▶ **Provided material**
== == ==

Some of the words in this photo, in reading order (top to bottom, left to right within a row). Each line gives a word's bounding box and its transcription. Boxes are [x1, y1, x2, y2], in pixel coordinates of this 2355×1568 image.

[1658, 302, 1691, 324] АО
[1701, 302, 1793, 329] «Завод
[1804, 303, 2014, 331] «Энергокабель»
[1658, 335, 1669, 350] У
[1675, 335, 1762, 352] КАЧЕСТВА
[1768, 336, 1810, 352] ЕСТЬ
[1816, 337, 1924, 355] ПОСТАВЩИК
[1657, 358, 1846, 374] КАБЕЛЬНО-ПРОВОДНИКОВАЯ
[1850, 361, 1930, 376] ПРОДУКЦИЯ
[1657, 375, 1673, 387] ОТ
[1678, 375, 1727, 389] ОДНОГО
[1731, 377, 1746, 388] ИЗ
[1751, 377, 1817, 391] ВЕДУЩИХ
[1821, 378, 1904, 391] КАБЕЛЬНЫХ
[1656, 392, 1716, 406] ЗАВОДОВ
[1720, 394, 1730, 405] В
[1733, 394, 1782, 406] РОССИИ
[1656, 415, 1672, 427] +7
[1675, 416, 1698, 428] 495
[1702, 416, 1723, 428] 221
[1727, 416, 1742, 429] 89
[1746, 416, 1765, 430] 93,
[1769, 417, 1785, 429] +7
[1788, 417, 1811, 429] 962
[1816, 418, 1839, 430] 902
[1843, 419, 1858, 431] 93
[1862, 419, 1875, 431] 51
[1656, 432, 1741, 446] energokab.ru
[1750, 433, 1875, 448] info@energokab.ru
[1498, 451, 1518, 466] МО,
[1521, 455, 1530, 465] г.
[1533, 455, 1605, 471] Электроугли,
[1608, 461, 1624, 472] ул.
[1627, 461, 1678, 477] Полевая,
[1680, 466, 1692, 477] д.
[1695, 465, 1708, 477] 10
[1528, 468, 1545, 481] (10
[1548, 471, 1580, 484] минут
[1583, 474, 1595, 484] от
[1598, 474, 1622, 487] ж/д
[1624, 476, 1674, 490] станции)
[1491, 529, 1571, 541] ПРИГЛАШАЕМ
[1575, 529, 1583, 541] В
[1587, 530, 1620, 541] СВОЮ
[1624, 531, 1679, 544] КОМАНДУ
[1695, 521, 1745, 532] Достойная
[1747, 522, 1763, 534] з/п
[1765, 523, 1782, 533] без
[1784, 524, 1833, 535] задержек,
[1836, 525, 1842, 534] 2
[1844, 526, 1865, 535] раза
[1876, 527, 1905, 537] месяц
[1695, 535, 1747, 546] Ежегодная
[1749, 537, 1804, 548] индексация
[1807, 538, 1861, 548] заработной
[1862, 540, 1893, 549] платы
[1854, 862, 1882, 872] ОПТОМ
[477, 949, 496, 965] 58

== == ==

▶ **Assigned task**
All records should be written out again exactly as given.

▶ **Answer section**
Some of the words in this photo, in reading order (top to bottom, left to right within a row). Each line gives a word's bounding box and its transcription. Boxes are [x1, y1, x2, y2], in pixel coordinates of this 2355×1568 image.

[1658, 302, 1691, 324] АО
[1701, 302, 1793, 329] «Завод
[1804, 303, 2014, 331] «Энергокабель»
[1658, 335, 1669, 350] У
[1675, 335, 1762, 352] КАЧЕСТВА
[1768, 336, 1810, 352] ЕСТЬ
[1816, 337, 1924, 355] ПОСТАВЩИК
[1657, 358, 1846, 374] КАБЕЛЬНО-ПРОВОДНИКОВАЯ
[1850, 361, 1930, 376] ПРОДУКЦИЯ
[1657, 375, 1673, 387] ОТ
[1678, 375, 1727, 389] ОДНОГО
[1731, 377, 1746, 388] ИЗ
[1751, 377, 1817, 391] ВЕДУЩИХ
[1821, 378, 1904, 391] КАБЕЛЬНЫХ
[1656, 392, 1716, 406] ЗАВОДОВ
[1720, 394, 1730, 405] В
[1733, 394, 1782, 406] РОССИИ
[1656, 415, 1672, 427] +7
[1675, 416, 1698, 428] 495
[1702, 416, 1723, 428] 221
[1727, 416, 1742, 429] 89
[1746, 416, 1765, 430] 93,
[1769, 417, 1785, 429] +7
[1788, 417, 1811, 429] 962
[1816, 418, 1839, 430] 902
[1843, 419, 1858, 431] 93
[1862, 419, 1875, 431] 51
[1656, 432, 1741, 446] energokab.ru
[1750, 433, 1875, 448] info@energokab.ru
[1498, 451, 1518, 466] МО,
[1521, 455, 1530, 465] г.
[1533, 455, 1605, 471] Электроугли,
[1608, 461, 1624, 472] ул.
[1627, 461, 1678, 477] Полевая,
[1680, 466, 1692, 477] д.
[1695, 465, 1708, 477] 10
[1528, 468, 1545, 481] (10
[1548, 471, 1580, 484] минут
[1583, 474, 1595, 484] от
[1598, 474, 1622, 487] ж/д
[1624, 476, 1674, 490] станции)
[1491, 529, 1571, 541] ПРИГЛАШАЕМ
[1575, 529, 1583, 541] В
[1587, 530, 1620, 541] СВОЮ
[1624, 531, 1679, 544] КОМАНДУ
[1695, 521, 1745, 532] Достойная
[1747, 522, 1763, 534] з/п
[1765, 523, 1782, 533] без
[1784, 524, 1833, 535] задержек,
[1836, 525, 1842, 534] 2
[1844, 526, 1865, 535] раза
[1876, 527, 1905, 537] месяц
[1695, 535, 1747, 546] Ежегодная
[1749, 537, 1804, 548] индексация
[1807, 538, 1861, 548] заработной
[1862, 540, 1893, 549] платы
[1854, 862, 1882, 872] ОПТОМ
[477, 949, 496, 965] 58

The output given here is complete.